Work request: Please retype the data below line for line and leave out every picture.

Records for the exercise:
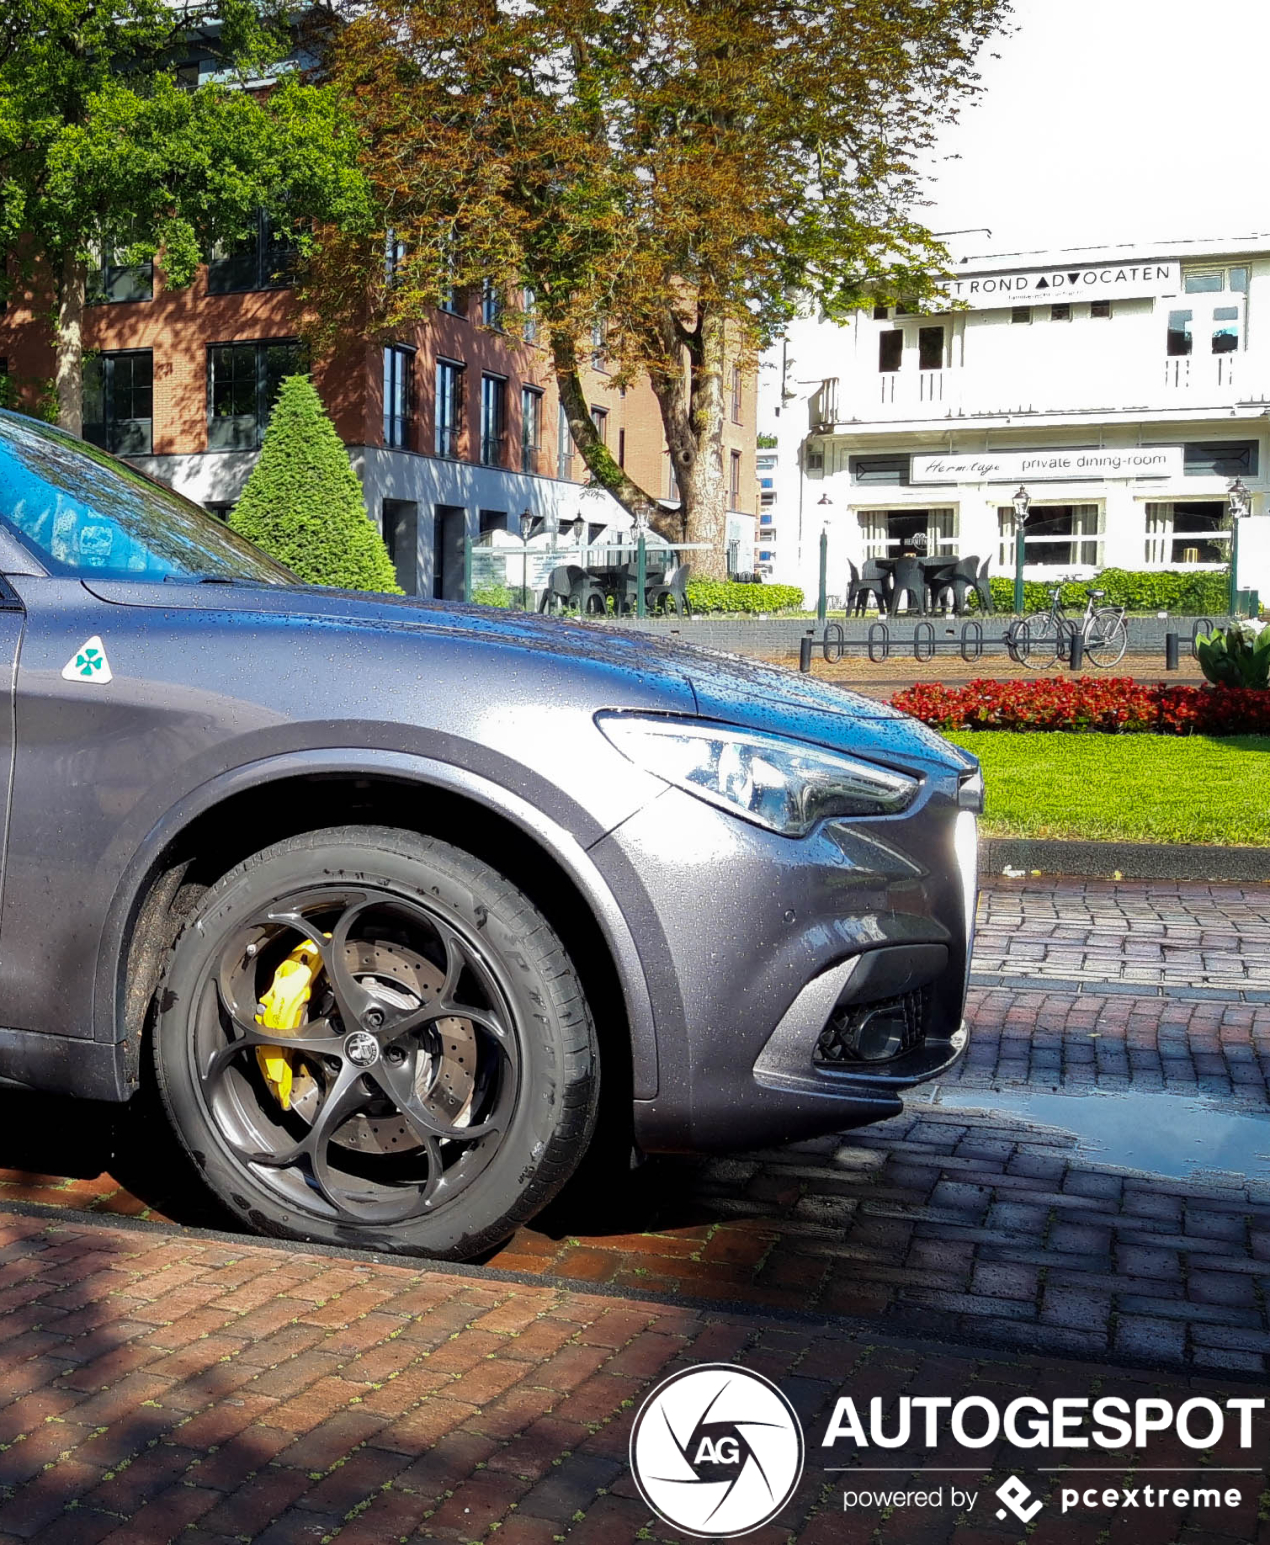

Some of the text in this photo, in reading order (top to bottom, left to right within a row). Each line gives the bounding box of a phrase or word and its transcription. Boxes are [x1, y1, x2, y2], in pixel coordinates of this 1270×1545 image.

[970, 277, 1028, 293] ROND
[1021, 457, 1071, 471] private
[1076, 455, 1167, 470] dining-room
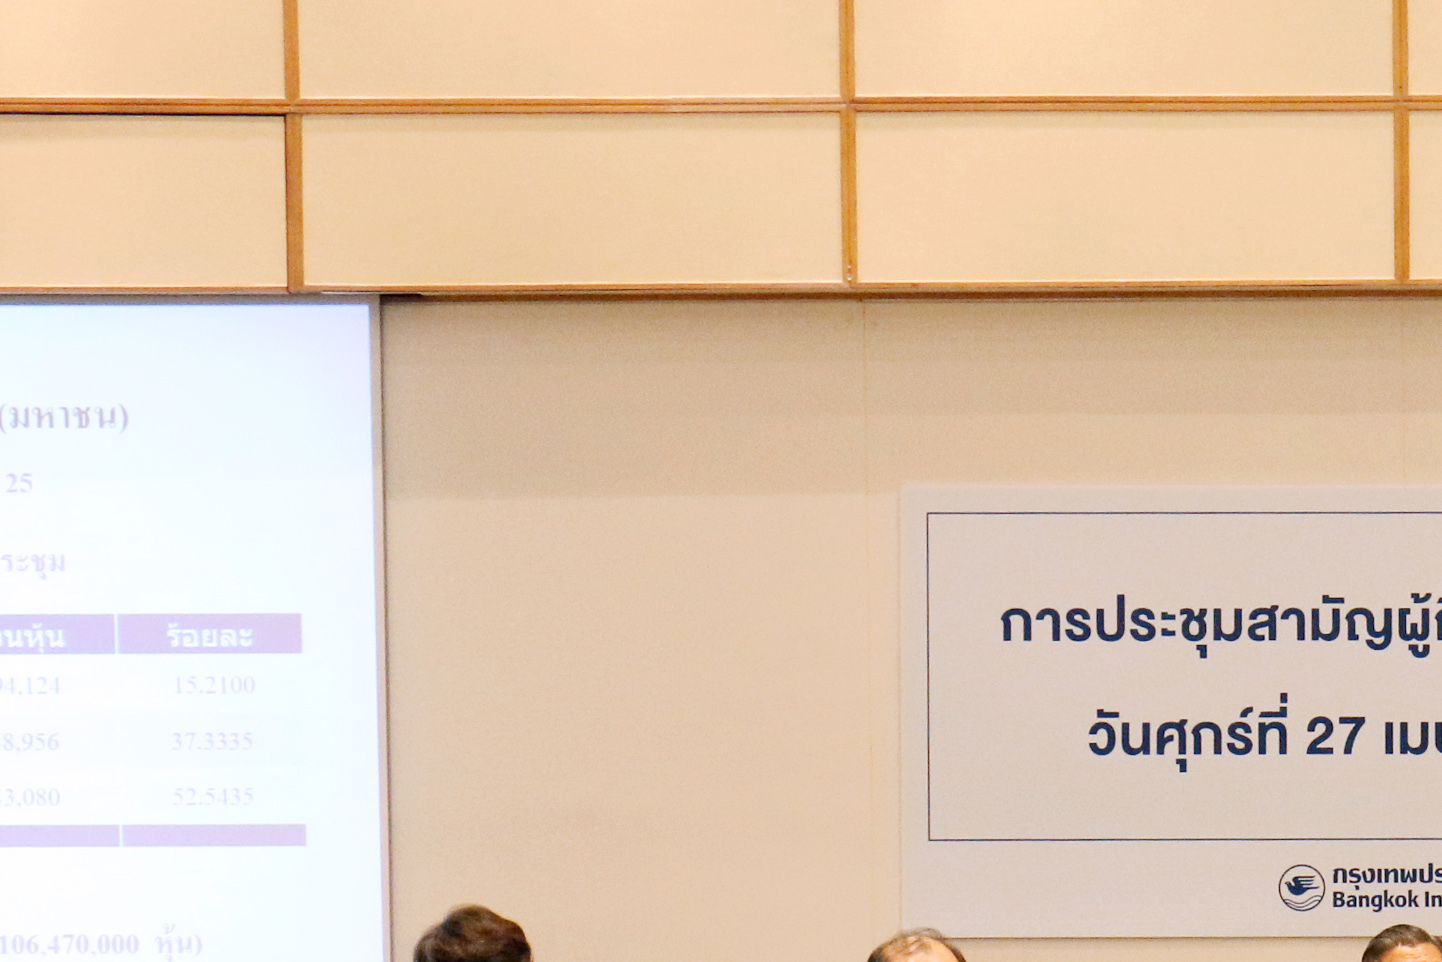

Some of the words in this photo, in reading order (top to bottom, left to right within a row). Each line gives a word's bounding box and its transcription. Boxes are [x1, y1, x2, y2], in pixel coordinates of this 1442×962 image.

[0, 404, 129, 434] (มหาชน)
[5, 472, 33, 494] 25
[0, 622, 66, 653] นหุ้น
[166, 622, 253, 648] ร้อยละ
[175, 675, 256, 695] 15.2100
[0, 732, 60, 752] 8,956
[171, 731, 254, 751] 37.3335
[1088, 692, 1289, 773] วันศุกร์ที่
[1306, 715, 1366, 755] 27
[172, 786, 254, 807] 52.5435
[1332, 889, 1420, 913] Bangkok
[0, 933, 140, 956] 106,470,000
[154, 923, 203, 962] หุ้น)
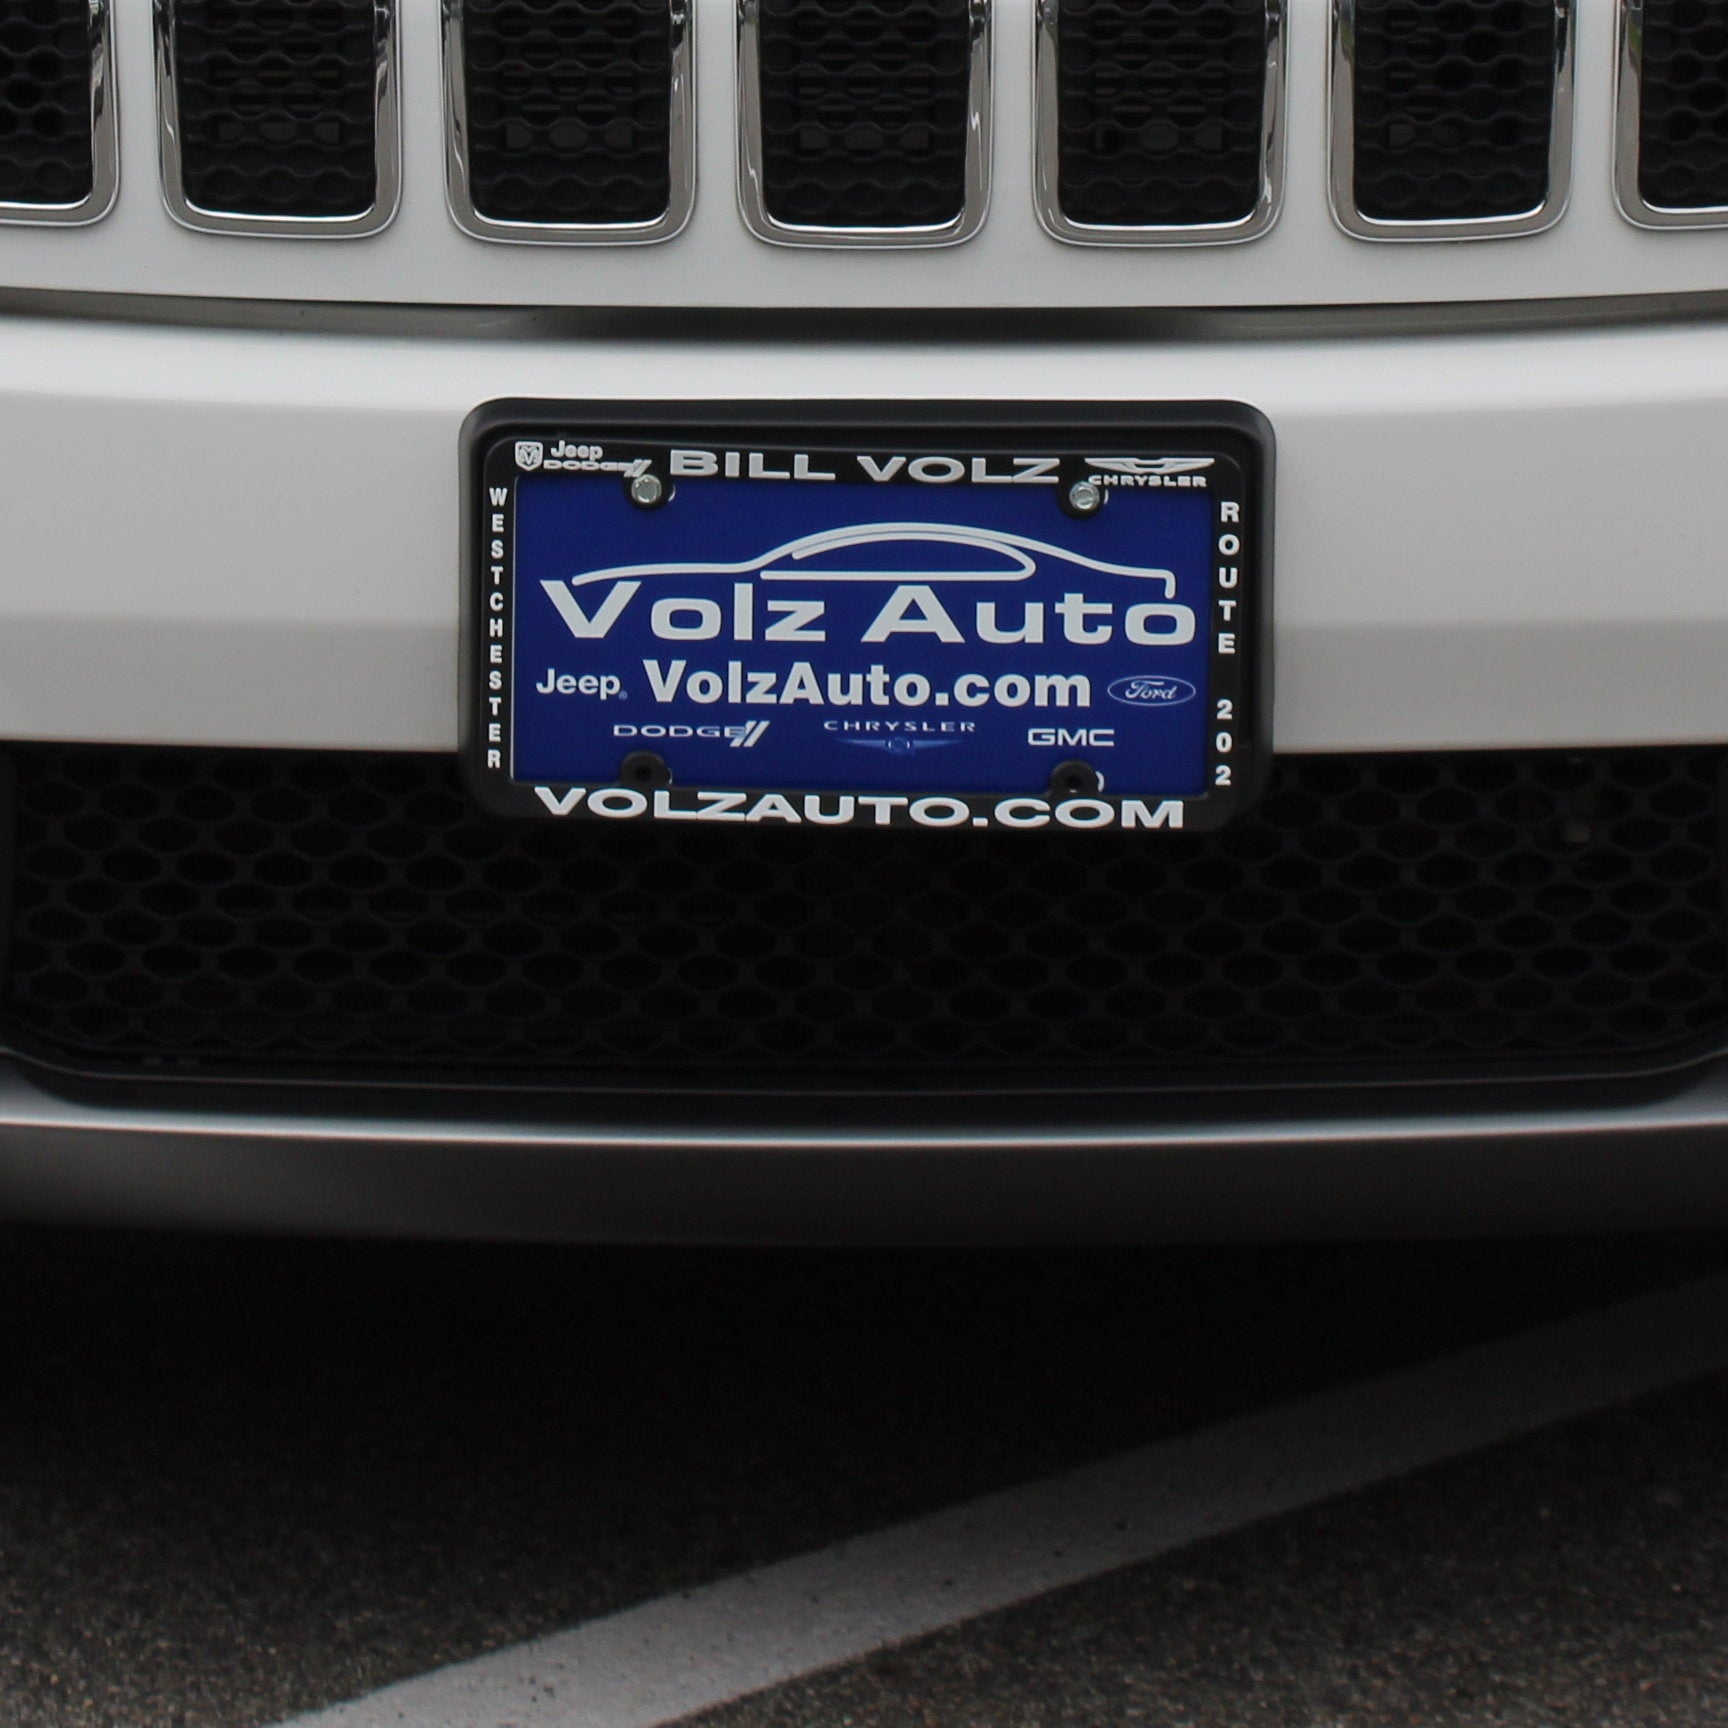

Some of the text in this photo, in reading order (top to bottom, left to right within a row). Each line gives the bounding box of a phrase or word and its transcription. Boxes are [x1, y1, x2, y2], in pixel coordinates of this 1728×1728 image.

[550, 440, 604, 461] Jeep
[670, 449, 1060, 484] BILL VOLZ
[1088, 474, 1208, 487] CHRYSLER
[487, 487, 508, 769] WESTCHESTER
[540, 579, 1196, 646] Volz Auto
[1214, 501, 1240, 786] ROUTE 202
[535, 668, 621, 700] Jeep
[643, 658, 1091, 707] VolzAuto.com
[1124, 680, 1178, 701] Ford
[613, 724, 746, 739] DODGE
[823, 721, 976, 733] CHRYSLER
[1027, 728, 1115, 747] GMC
[534, 786, 1184, 830] VOLZAUTO.COM

Reply to the task:
Some of the text in this photo, in reading order (top to bottom, left to right within a row). Each line gives the bounding box of a phrase or word and its transcription. Boxes are [x1, y1, x2, y2], in pixel coordinates of this 1270×1545 image.

[970, 277, 1028, 293] ROND
[1021, 457, 1071, 471] private
[1076, 455, 1167, 470] dining-room

Some of the words in this photo, in reading order (top to bottom, left to right within a row). Each line gives a word's bounding box and its transcription. Boxes are [x1, y1, x2, y2], in pixel coordinates of this 1442×962 image.

[0, 404, 129, 434] (มหาชน)
[5, 472, 33, 494] 25
[0, 622, 66, 653] นหุ้น
[166, 622, 253, 648] ร้อยละ
[175, 675, 256, 695] 15.2100
[0, 732, 60, 752] 8,956
[171, 731, 254, 751] 37.3335
[1088, 692, 1289, 773] วันศุกร์ที่
[1306, 715, 1366, 755] 27
[172, 786, 254, 807] 52.5435
[1332, 889, 1420, 913] Bangkok
[0, 933, 140, 956] 106,470,000
[154, 923, 203, 962] หุ้น)

Some of the text in this photo, in reading order (top to bottom, left to right within a row). Each line gives the bounding box of a phrase or word and its transcription. Boxes are [x1, y1, x2, y2], in pixel coordinates of this 1728×1728 image.

[550, 440, 604, 461] Jeep
[670, 449, 1060, 484] BILL VOLZ
[1088, 474, 1208, 487] CHRYSLER
[487, 487, 508, 769] WESTCHESTER
[540, 579, 1196, 646] Volz Auto
[1214, 501, 1240, 786] ROUTE 202
[535, 668, 621, 700] Jeep
[643, 658, 1091, 707] VolzAuto.com
[1124, 680, 1178, 701] Ford
[613, 724, 746, 739] DODGE
[823, 721, 976, 733] CHRYSLER
[1027, 728, 1115, 747] GMC
[534, 786, 1184, 830] VOLZAUTO.COM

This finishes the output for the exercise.